Top of Data extract

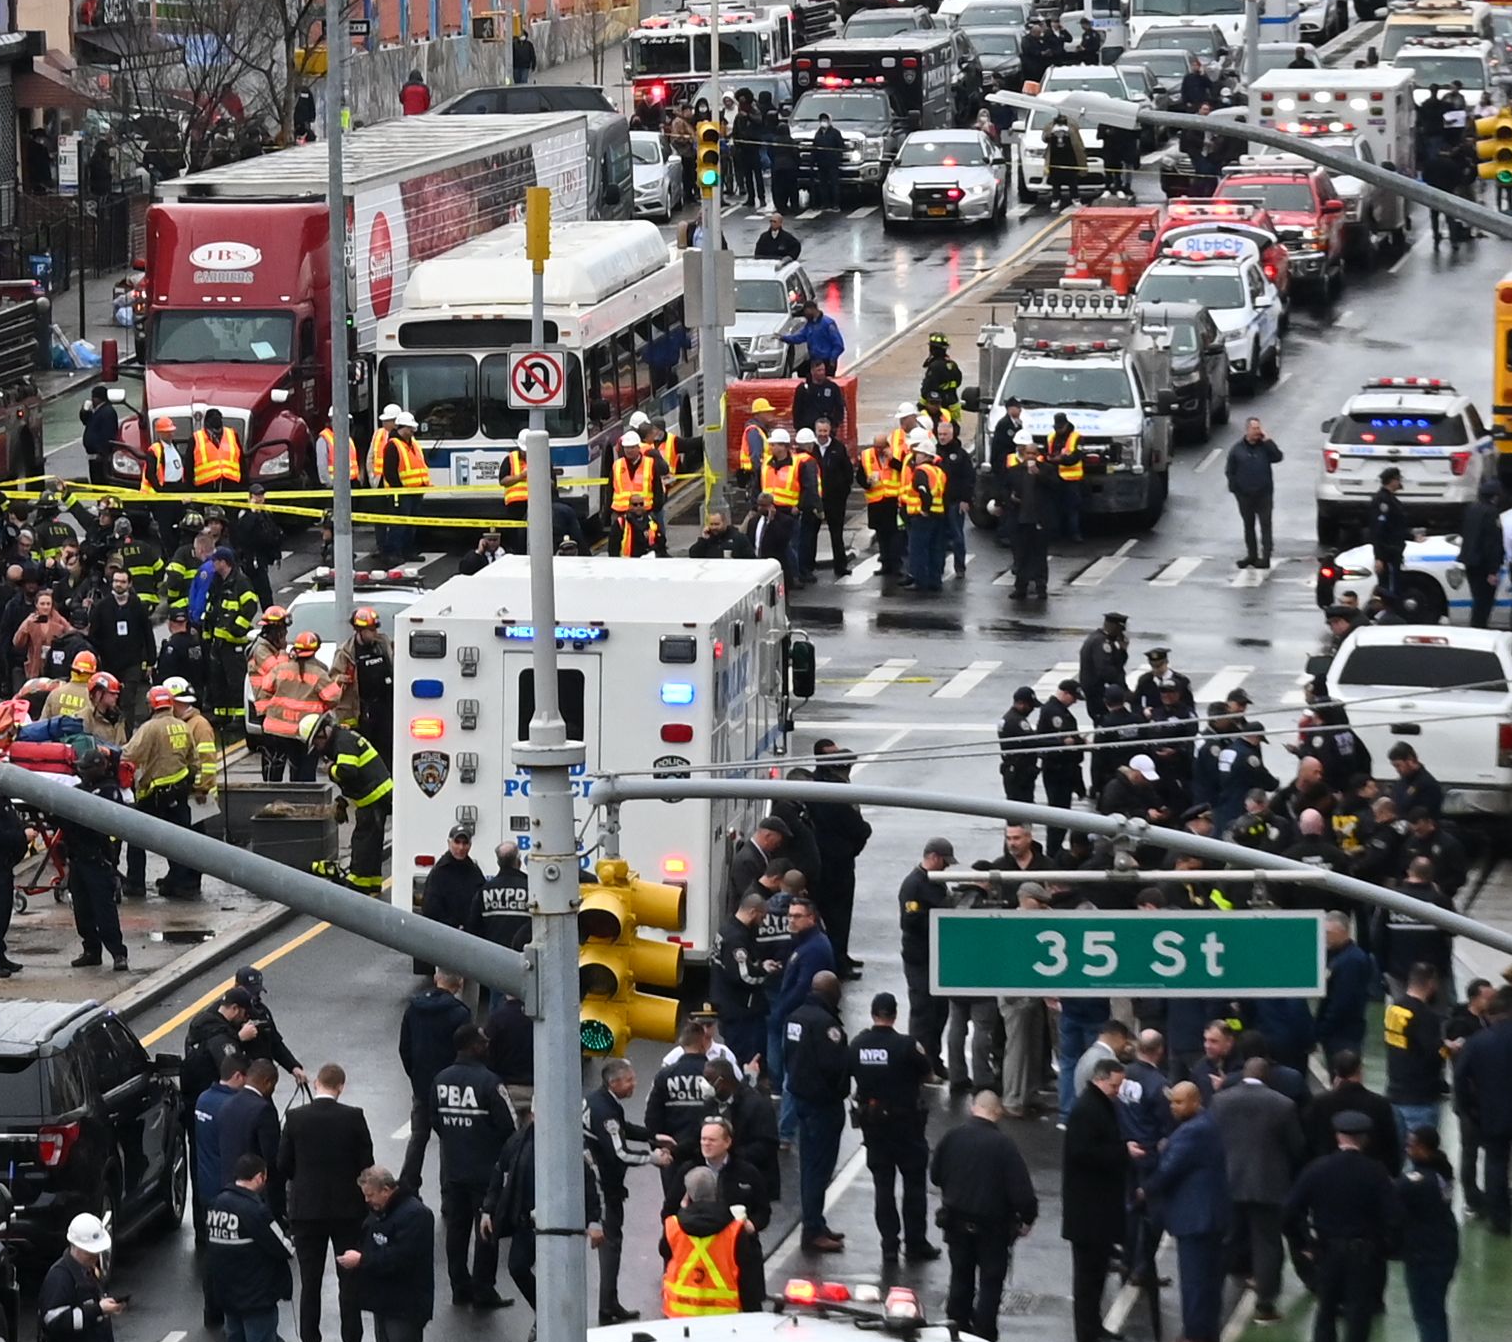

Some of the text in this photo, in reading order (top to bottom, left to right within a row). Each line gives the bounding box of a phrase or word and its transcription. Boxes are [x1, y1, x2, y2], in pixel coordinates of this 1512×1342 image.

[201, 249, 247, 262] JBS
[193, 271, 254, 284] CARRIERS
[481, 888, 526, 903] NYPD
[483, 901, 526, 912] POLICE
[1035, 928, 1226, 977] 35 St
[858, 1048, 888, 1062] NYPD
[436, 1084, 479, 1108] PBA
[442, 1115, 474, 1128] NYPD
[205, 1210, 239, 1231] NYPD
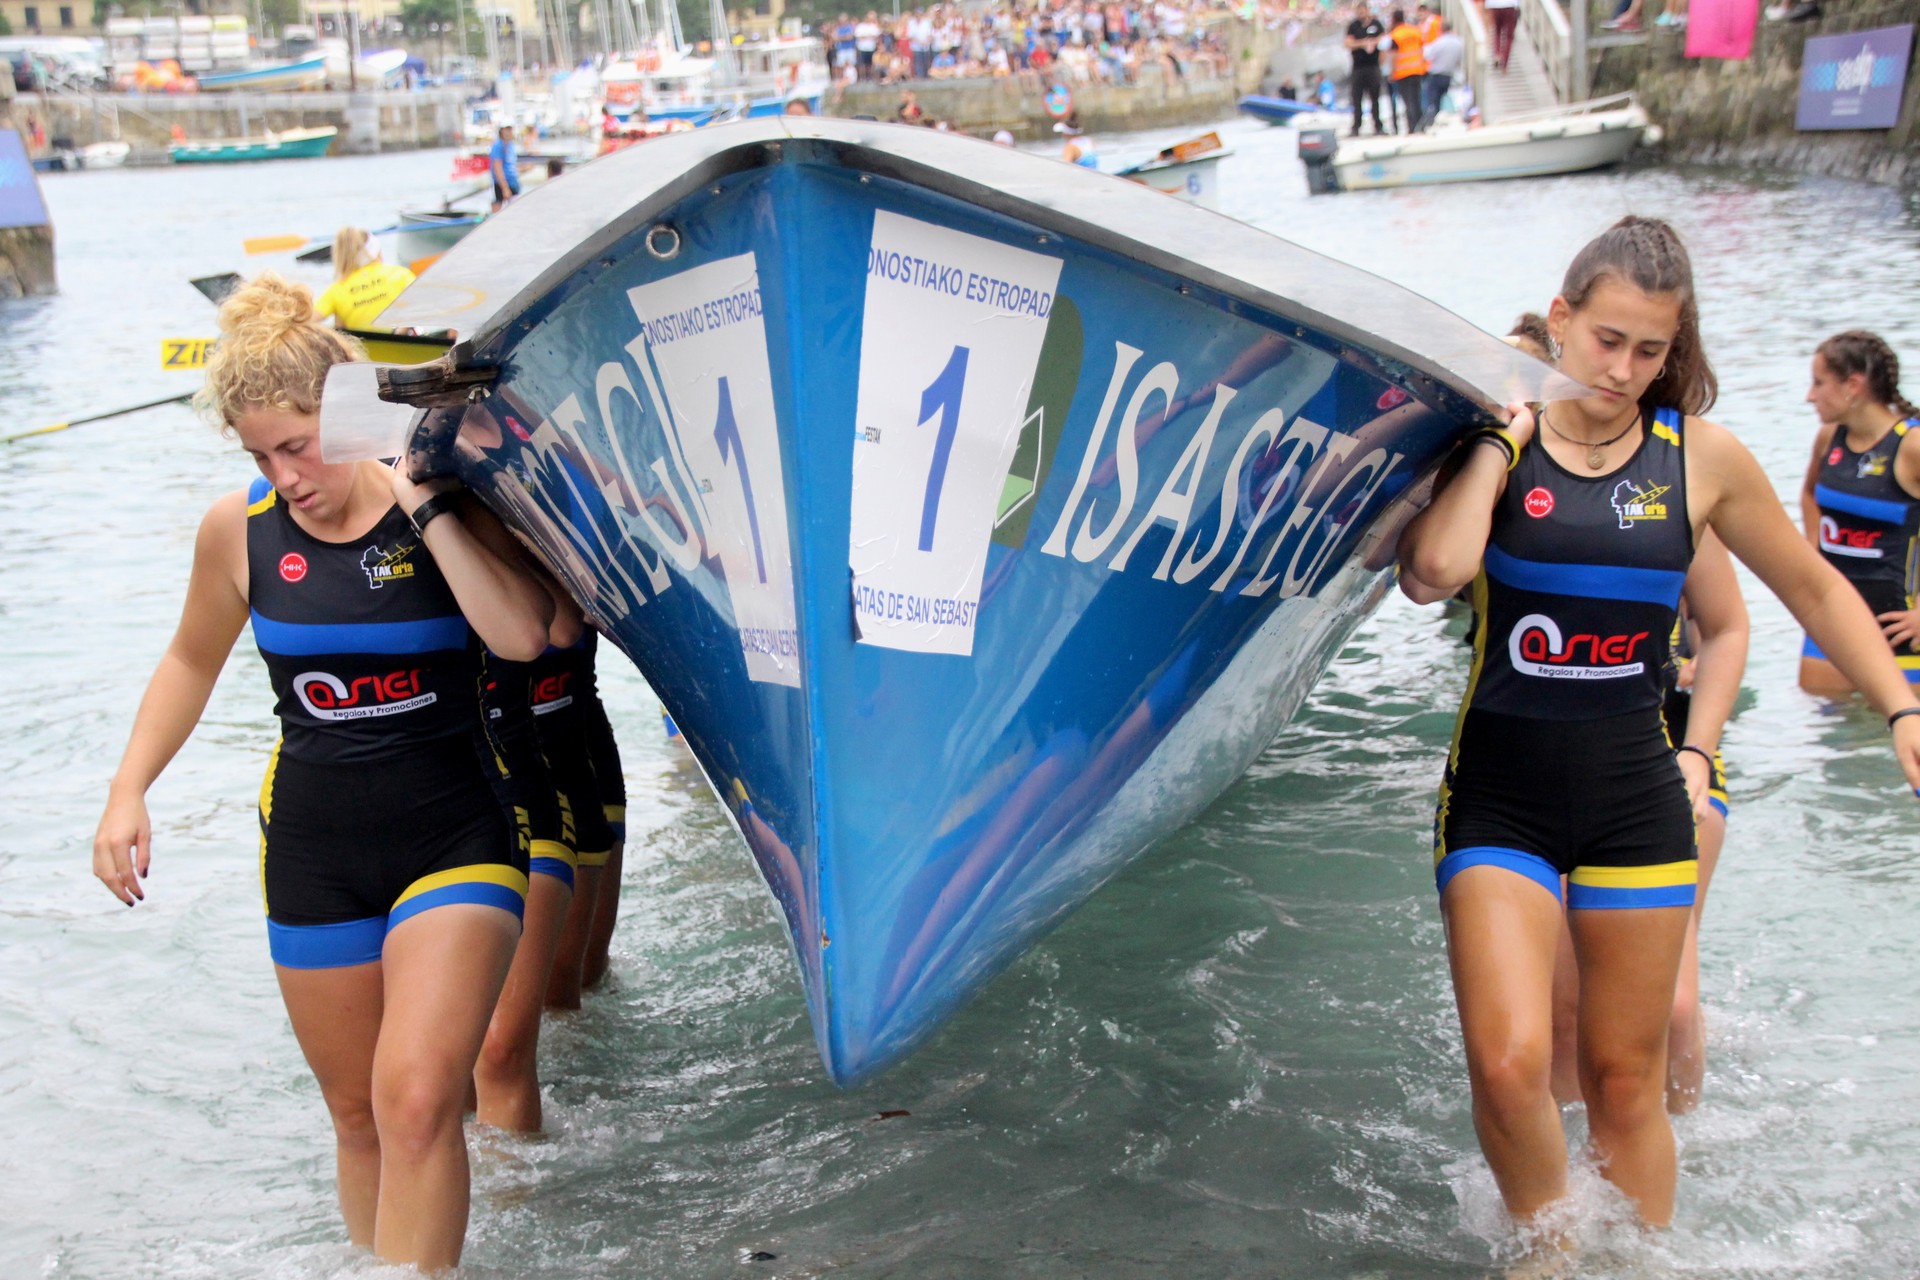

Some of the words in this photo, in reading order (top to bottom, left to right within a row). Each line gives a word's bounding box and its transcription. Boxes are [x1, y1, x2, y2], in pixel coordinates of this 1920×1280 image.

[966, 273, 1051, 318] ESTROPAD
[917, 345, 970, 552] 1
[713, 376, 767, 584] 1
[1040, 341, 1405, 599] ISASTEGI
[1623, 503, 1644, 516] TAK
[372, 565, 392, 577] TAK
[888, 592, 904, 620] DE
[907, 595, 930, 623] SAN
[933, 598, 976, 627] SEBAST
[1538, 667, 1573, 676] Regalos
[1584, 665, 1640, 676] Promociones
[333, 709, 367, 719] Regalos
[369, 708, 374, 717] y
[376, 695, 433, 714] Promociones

Bottom of Data extract

A verbatim transcription of the listing is expected, with no pictures included.

Some of the text in this photo, in reading order (top to bottom, left to right within a row). Each line gives the bounding box of a phrase or word and its transcription. Boxes are [x1, y1, x2, y2], in pixel coordinates of this 1512×1342 image.

[201, 249, 247, 262] JBS
[193, 271, 254, 284] CARRIERS
[481, 888, 526, 903] NYPD
[483, 901, 526, 912] POLICE
[1035, 928, 1226, 977] 35 St
[858, 1048, 888, 1062] NYPD
[436, 1084, 479, 1108] PBA
[442, 1115, 474, 1128] NYPD
[205, 1210, 239, 1231] NYPD

Some of the words in this photo, in reading order (top to bottom, left to right within a row). Each line gives a word's bounding box and its transcription. Boxes are [x1, y1, x2, y2], in pixel coordinates of this 1920×1280 image.

[966, 273, 1051, 318] ESTROPAD
[917, 345, 970, 552] 1
[713, 376, 767, 584] 1
[1040, 341, 1405, 599] ISASTEGI
[1623, 503, 1644, 516] TAK
[372, 565, 392, 577] TAK
[888, 592, 904, 620] DE
[907, 595, 930, 623] SAN
[933, 598, 976, 627] SEBAST
[1538, 667, 1573, 676] Regalos
[1584, 665, 1640, 676] Promociones
[333, 709, 367, 719] Regalos
[369, 708, 374, 717] y
[376, 695, 433, 714] Promociones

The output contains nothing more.